▶ **DATASET CONTENT**
- - -
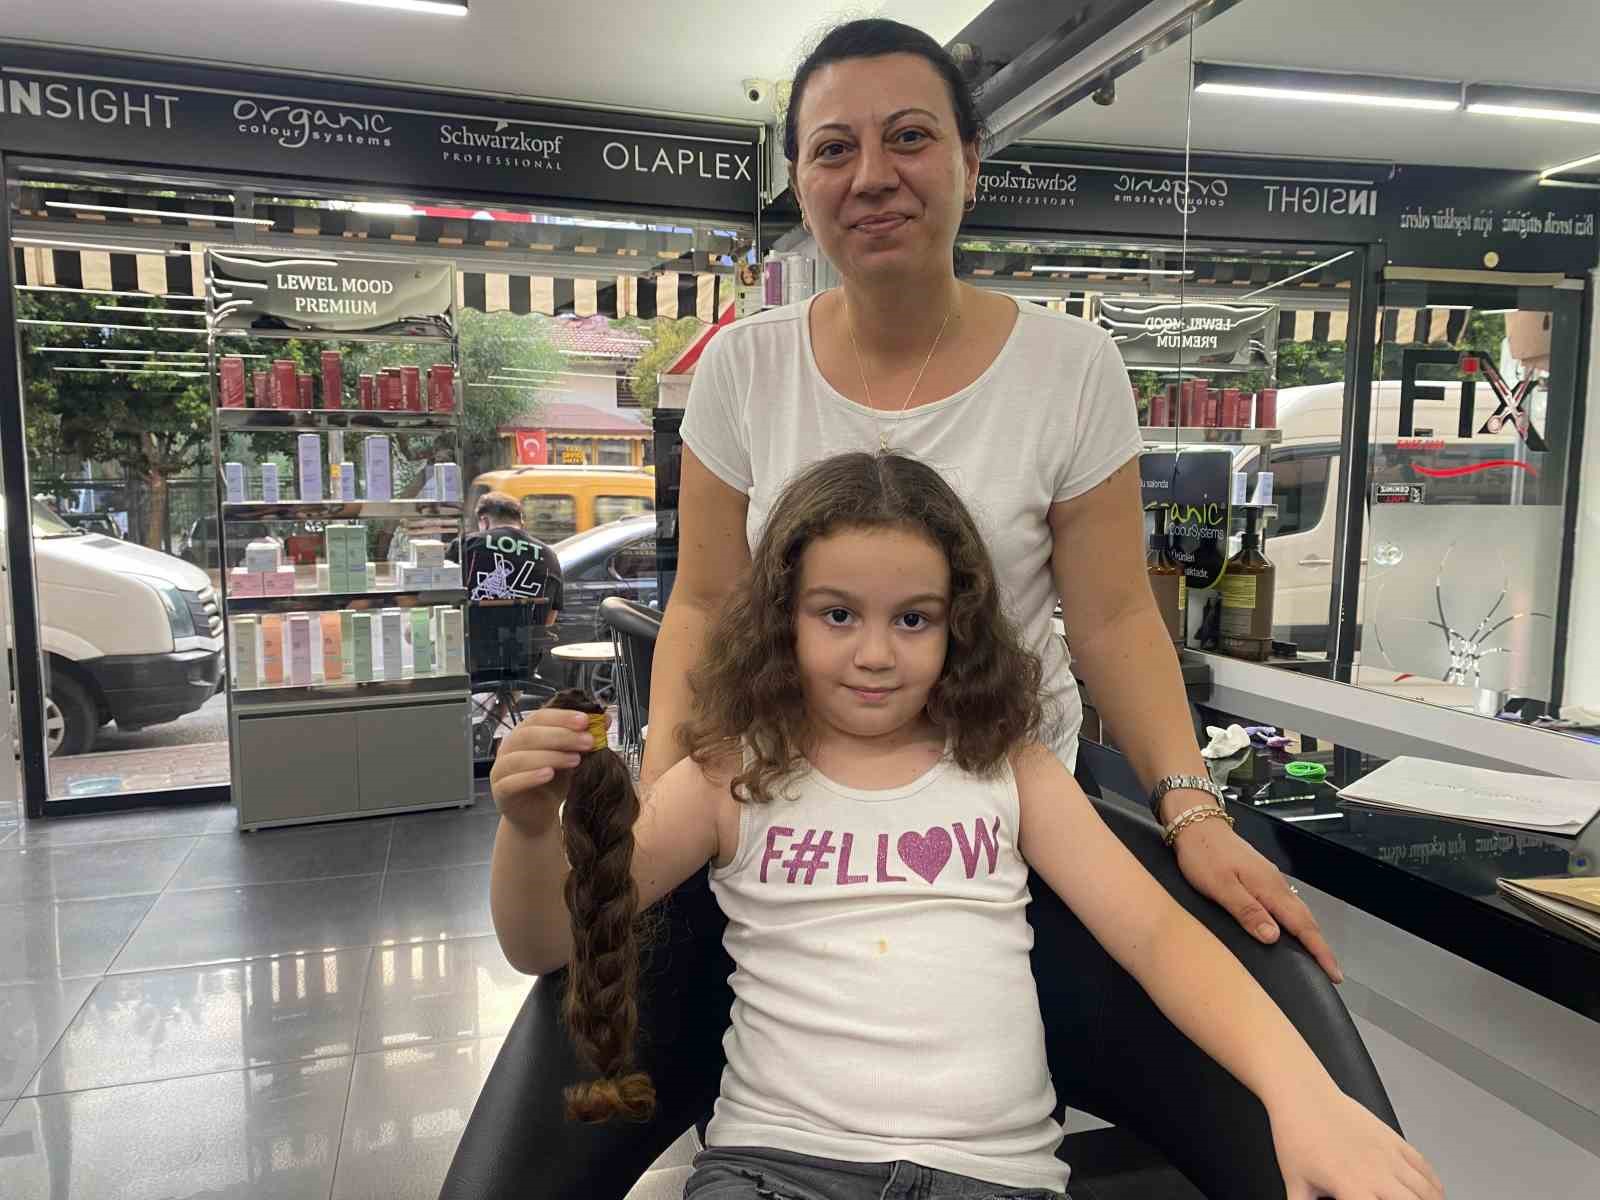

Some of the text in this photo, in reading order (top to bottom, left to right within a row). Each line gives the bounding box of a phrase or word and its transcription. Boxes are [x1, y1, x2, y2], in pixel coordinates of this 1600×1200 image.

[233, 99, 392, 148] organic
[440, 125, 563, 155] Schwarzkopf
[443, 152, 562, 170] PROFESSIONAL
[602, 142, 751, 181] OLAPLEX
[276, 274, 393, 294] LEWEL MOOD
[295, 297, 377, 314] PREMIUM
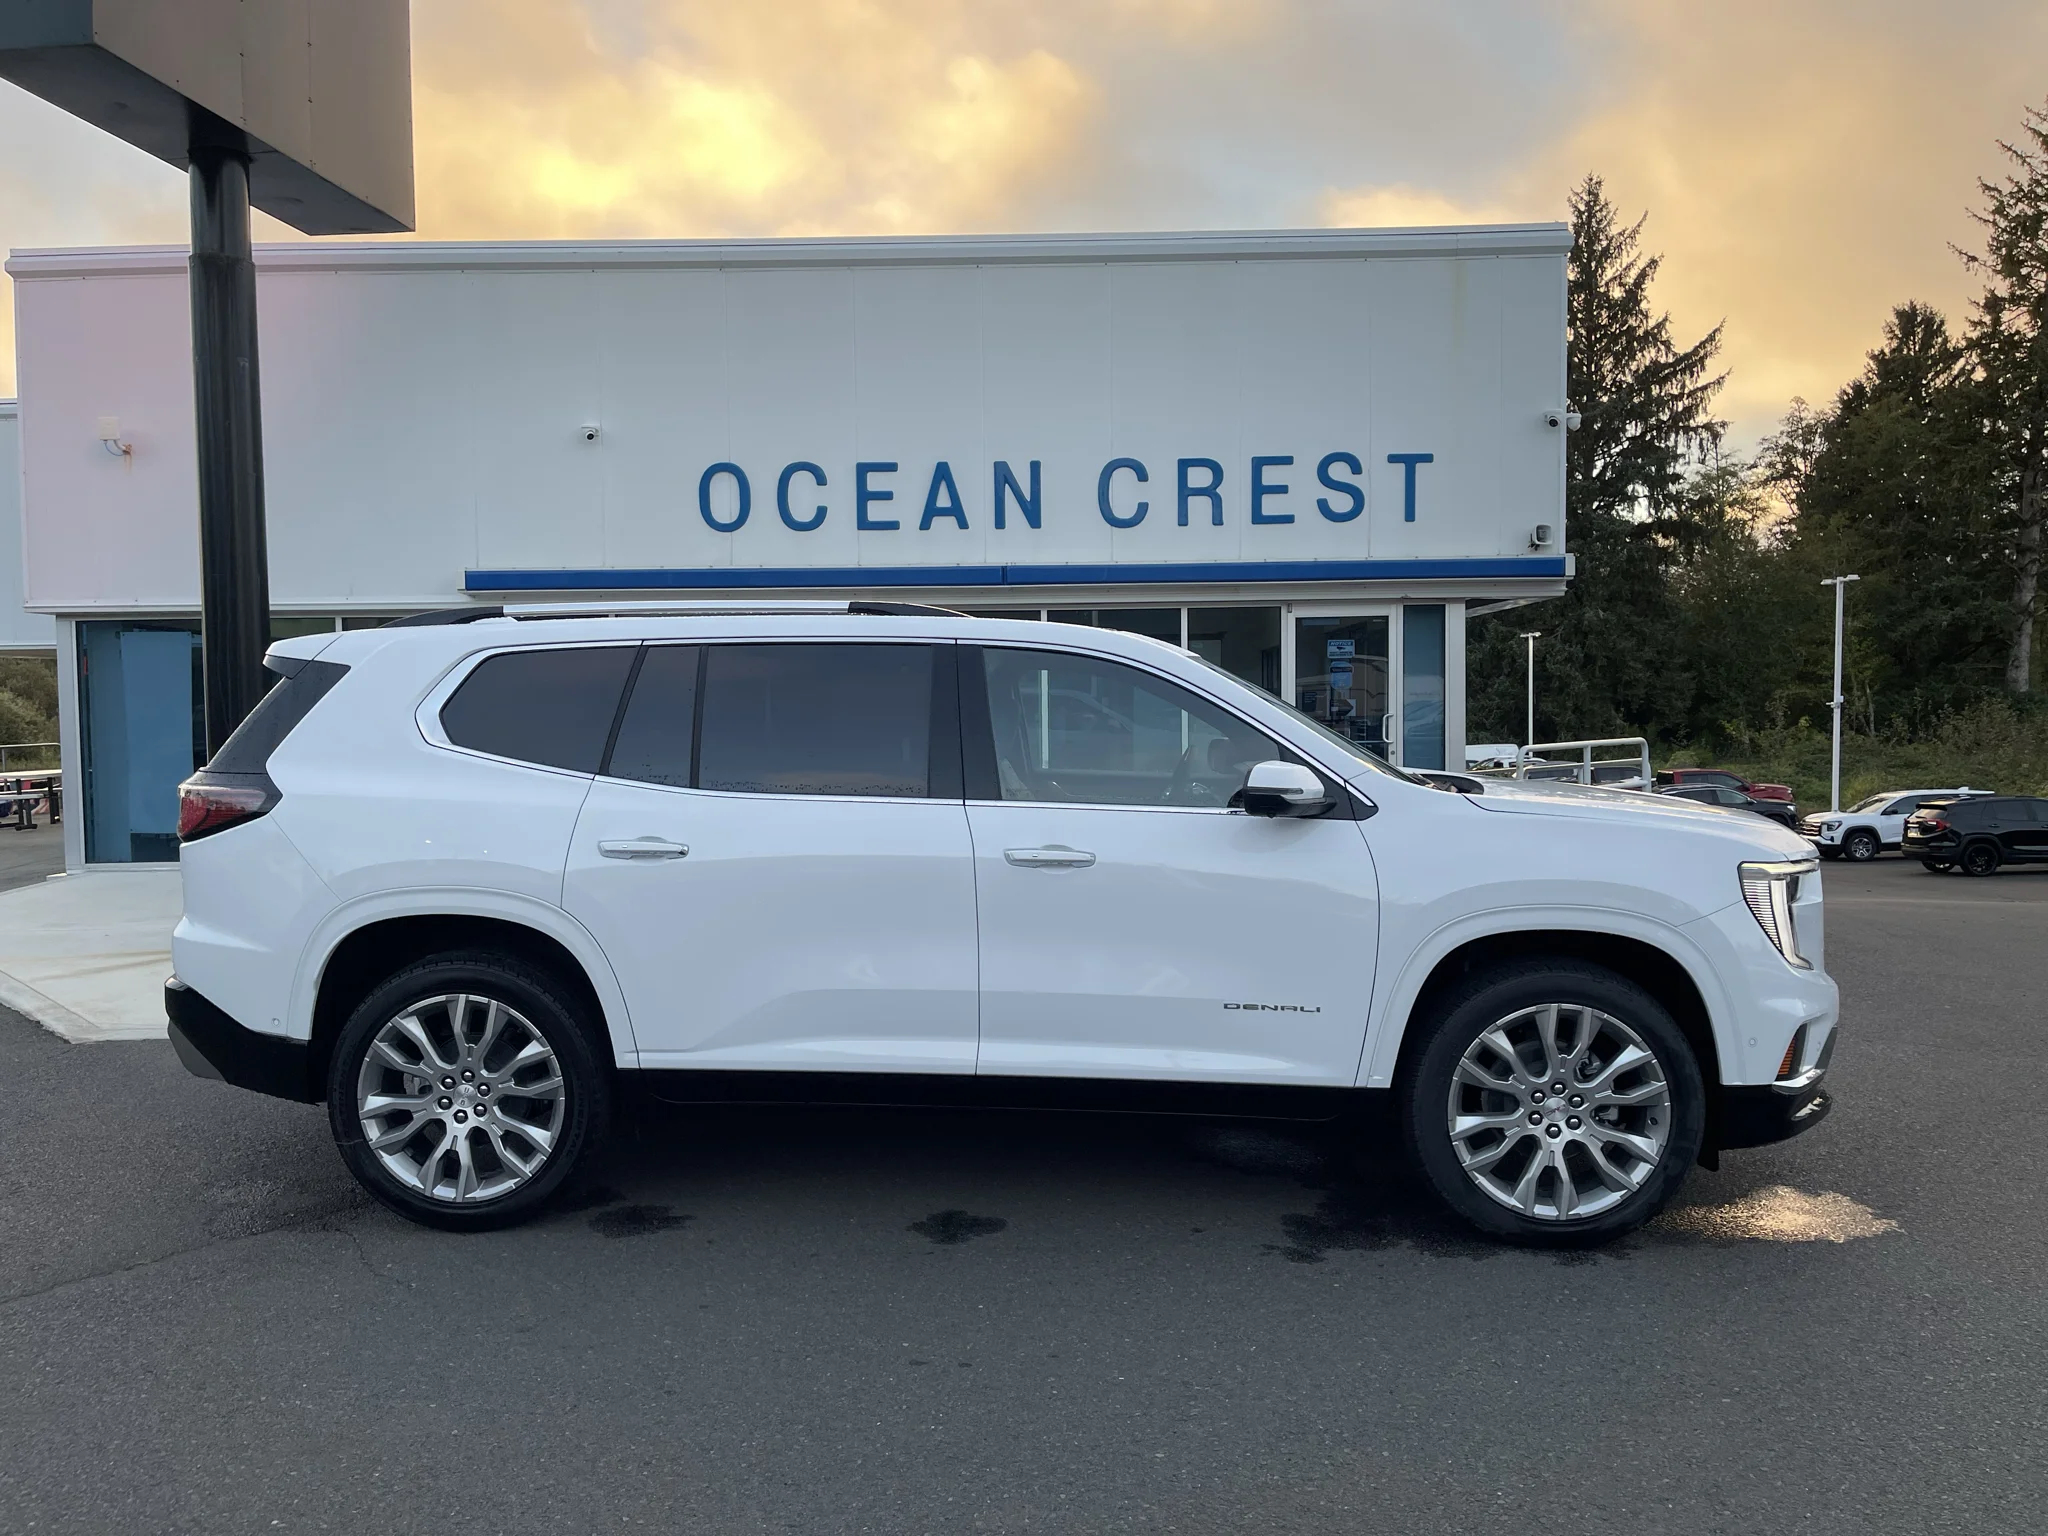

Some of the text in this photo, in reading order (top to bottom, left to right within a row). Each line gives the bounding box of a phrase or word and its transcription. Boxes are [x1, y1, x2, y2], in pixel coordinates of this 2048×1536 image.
- - -
The task calls for duplicating the data exactly, with no images kept.

▶ **YOUR SOLUTION**
Some of the text in this photo, in reading order (top to bottom, left to right within a row). Each line gives the bounding box of a phrase or word and its transcription. Boxes are [x1, y1, x2, y2], in pixel coordinates of this 1600×1200 image.

[233, 99, 392, 148] organic
[440, 125, 563, 155] Schwarzkopf
[443, 152, 562, 170] PROFESSIONAL
[602, 142, 751, 181] OLAPLEX
[276, 274, 393, 294] LEWEL MOOD
[295, 297, 377, 314] PREMIUM

Some of the text in this photo, in reading order (top to bottom, left to right within a row). Each line gives the bounding box of a phrase or word and its transcription. Boxes are [x1, y1, x2, y2], in pixel coordinates of this 2048×1536 image.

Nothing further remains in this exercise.